Four or five times each year we would visit Glamorganshire to stay with my maternal grandparents, always setting off on a Saturday.   In pre-motorway days, our route from Birmingham to South Wales took us through much delightful scenery.  We passed through Kidderminster, Tenbury Wells, Leominster, Clyro, and Brecon before crossing the Brecon Beacons to reach Glamorganshire in time for tea.   There would be stops en route for a drink or sandwiches, or just to admire the view.   Here is the view of the River Wye near Hay-on-Wye with the Black Mountains rising beyond.   A Brecon – Hereford train is heading east:  the train is invisible amongst the trees, but as was often the way in times gone by, its presence is betrayed by the column of steam.


“Blue, remembered hills”

The magnificent Brecon Beacons would rise up before us as we headed west.


My grandfather, after a lifetime farming, was still kept busy in his 80s shepherding on the mountains above Gilfach Goch, a Glamorganshire mining village.   In this panorama my grandfather and a friend are standing talking on the grass near the centre of the photograph.   In the 1950s there were still several collieries working in the valley, but by 1961 they had all closed.



Left:  “Tap”, one of my grandfather’s several sheepdogs, and the friendliest of animals, sprawls inelegantly on the lintel over the side gate leading to “Oak Cottage” as he waits to greet visitors.

Right:  My grandparents in their garden.  As can be seen, he was a keen vegetable grower.

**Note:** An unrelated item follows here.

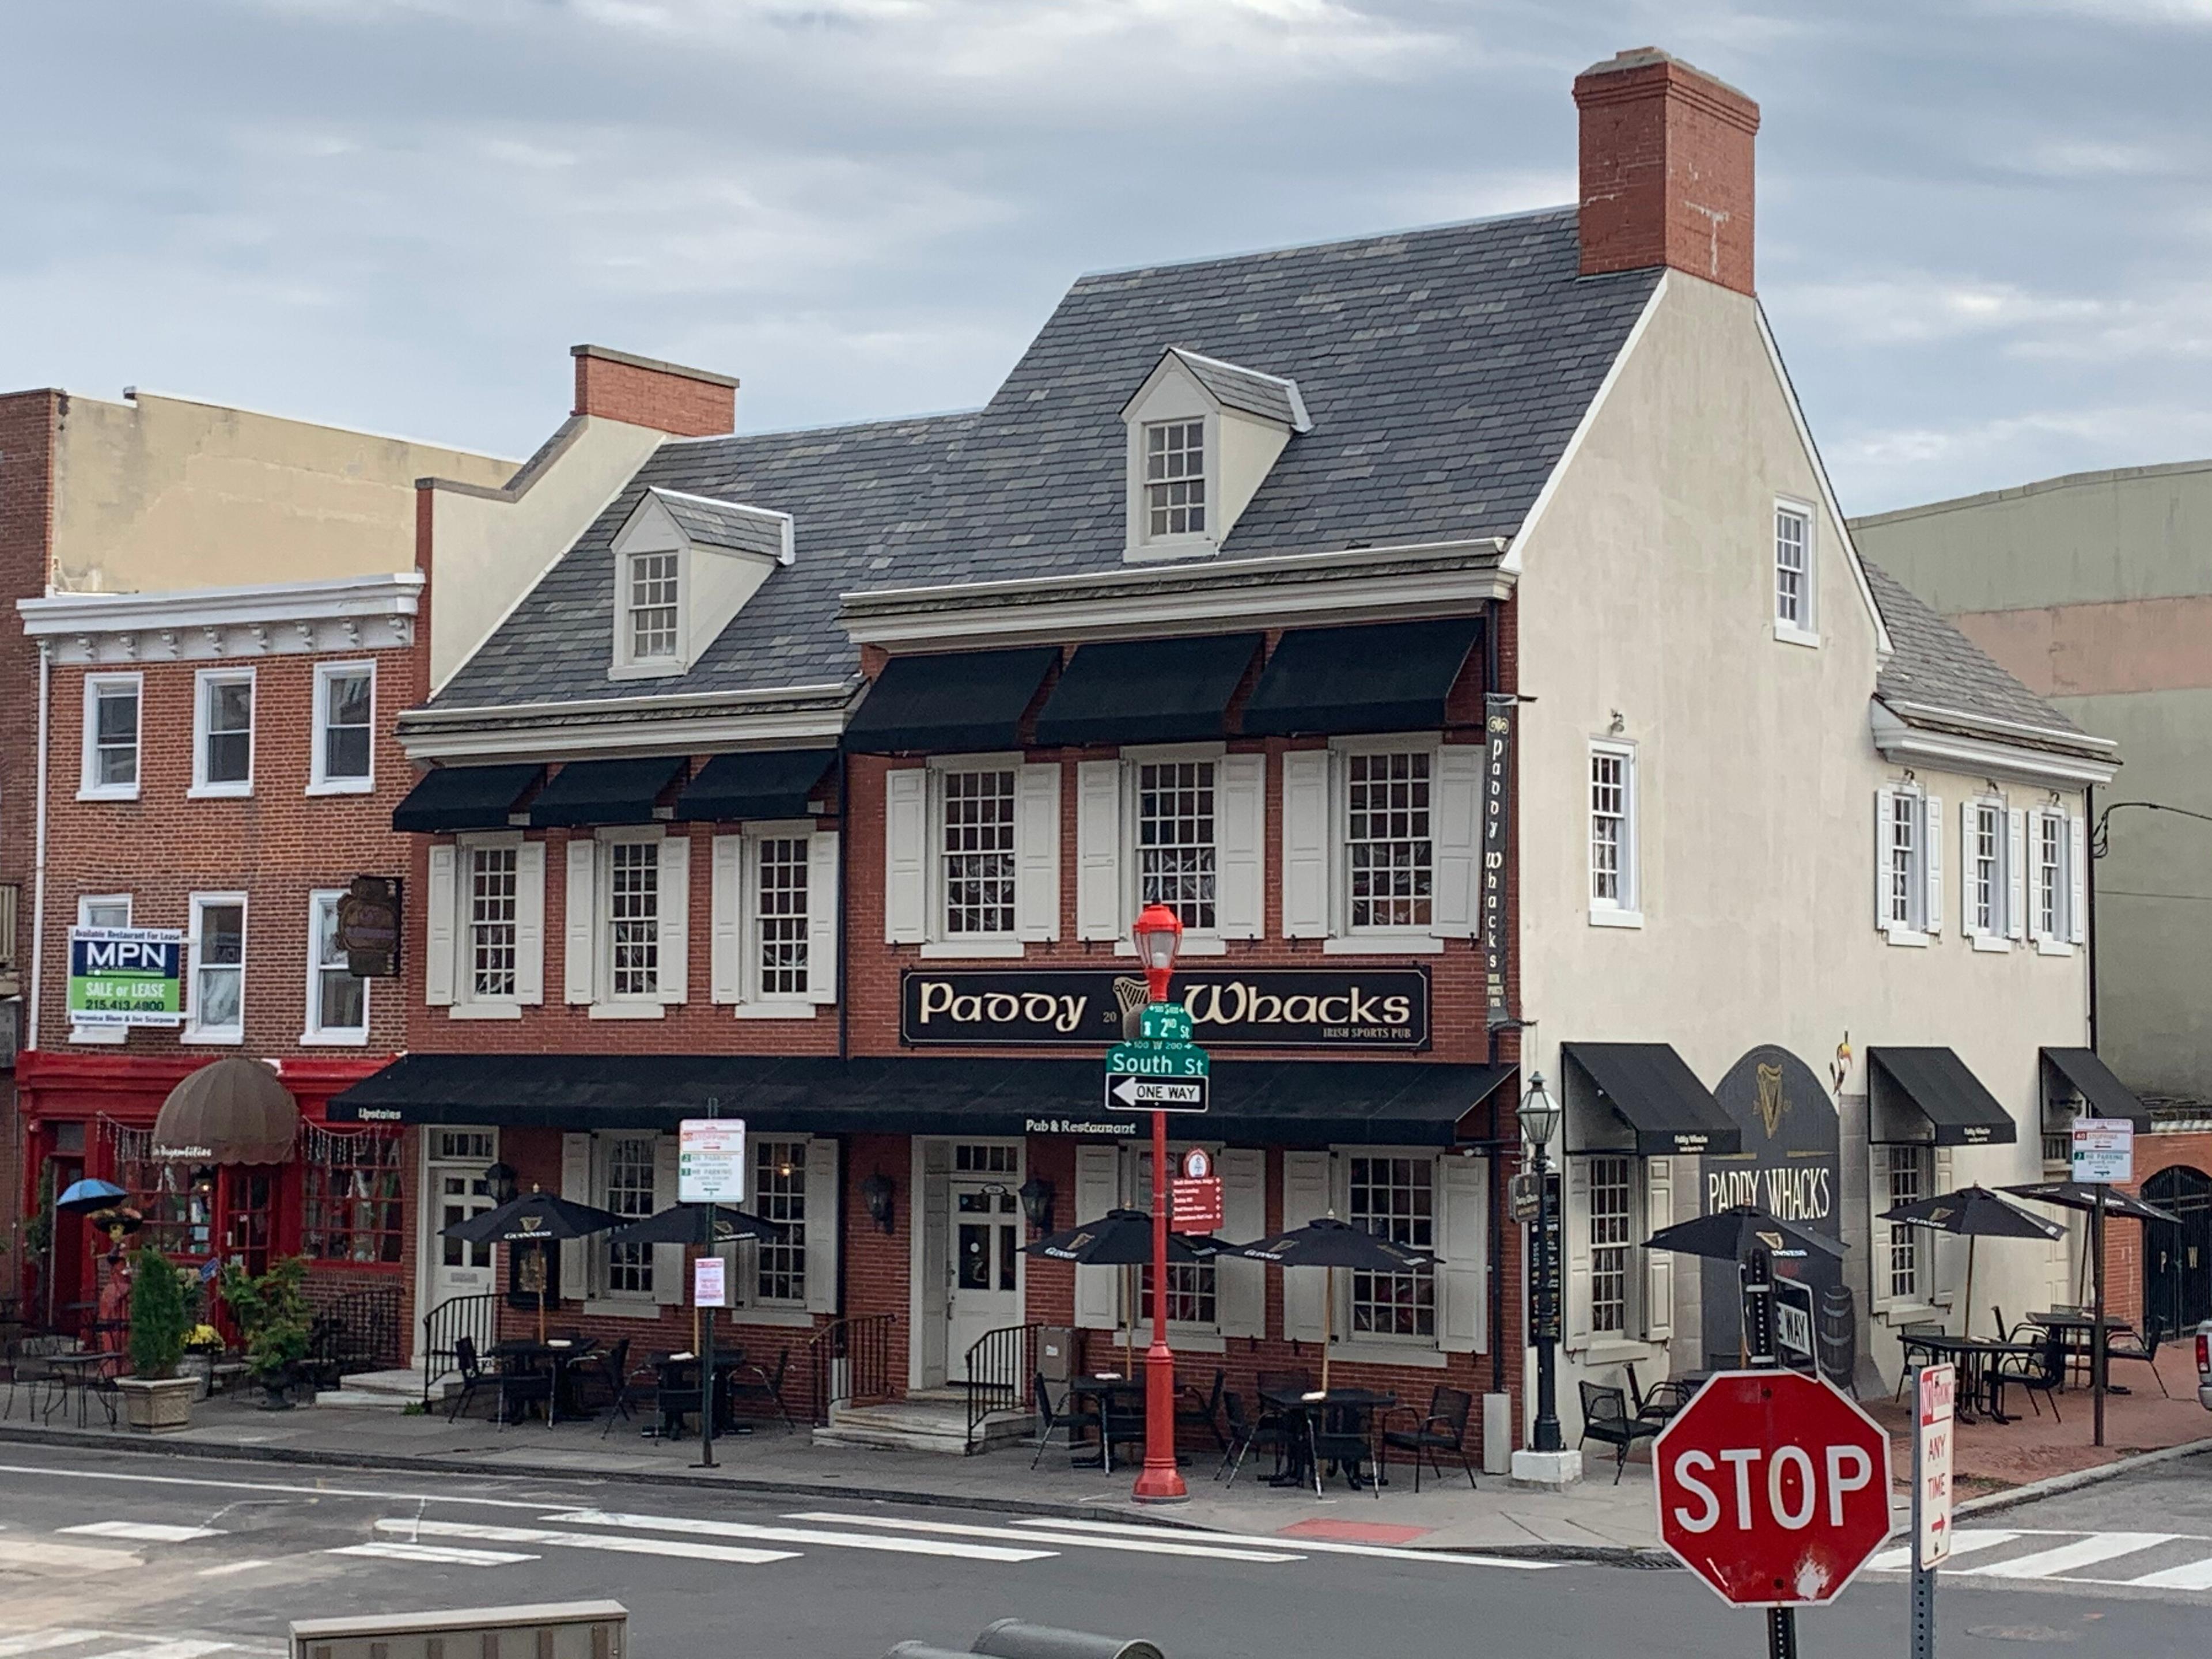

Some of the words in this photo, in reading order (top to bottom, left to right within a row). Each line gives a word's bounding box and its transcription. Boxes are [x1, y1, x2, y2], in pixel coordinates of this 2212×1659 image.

Left:  the view across the road from “Oak Cottage” as my mother and I set off for a walk

Right:  we pause on a bridge near Brynchwith farm:  I recall that my mother was comparing the yellow of her

cardigan with the yellow in her skirt!



Sunday morning walk:  my mother surveys the view over Gilfach.


Autumn comes to Gilfach:  at the right some of my grandfather’s sheep and chickens enjoy the sunshine



On Sunday afternoon we would always visit my grandfather’s friends at Pentwyn farm near Cardiff.

Here, my mother leads my grandparents on a walk around the farm, and on another visit she watches Walter pouring milk into a churn.


On Mondays we would visit my aunt and uncle at Gelli Farm in the Afan Valley.

Here is a family group with my mother, Aunty Maud, my grandmother – and a couple of the dogs.



Joining in:  My mother and grandmother help pick blackcurrants and my mother feeds the chickens



My grandfather as visitor (left) watches the activity of marking sheep


Several hundred lamb chops await their chance to return to the open mountain after marking


A social group at the Gelli, with my grandfather, centre.

Several horses were kept as they were used for gathering sheep, quite apart from being ridden for pleasure.


The nearest town of any size to my grandparents’ home was Bridgend, seen here on a busy morning in August 1959,

with a fine display of contemporary motor vehicles.



Penarth was a favourite destination on a summer’s afternoon.

There were always wonderful floral displays to admire and a pleasant stroll to be had on the pier, with views

across the Bristol Channel to Weston-super-Mare


Penarth pier, seen from the jetty.



Another popular destination was Porthcawl.   But whereas Penarth was situated so as to be sheltered from the

prevailing westerly winds, Porthcawl was decidedly bracing.   My first visit to Porthcawl had been in 1943 when we had travelled by bus as petrol was not available.   Traditional holiday activities were then boarded up “for the duration” and on a cold wet day the atmosphere had been less than festive, but by the 1950s Porthcawl had sprung to life once more.   On Sundays in the 1950s the resort would be invaded by a succession of excursion trains from the mining valleys, but such activity declined rapidly in the 1960s.



Southerndown was our favourite seaside destination, a quiet and secluded beach, accessible only to the few who then had motor cars.

The beach was a child’s delight and the cliff-top walks offered delightful view across to North Devon.


All too soon, it would be time to return home.   We would often vary our route on the way back:  here we have

stopped to do some blackberrying near Malvern.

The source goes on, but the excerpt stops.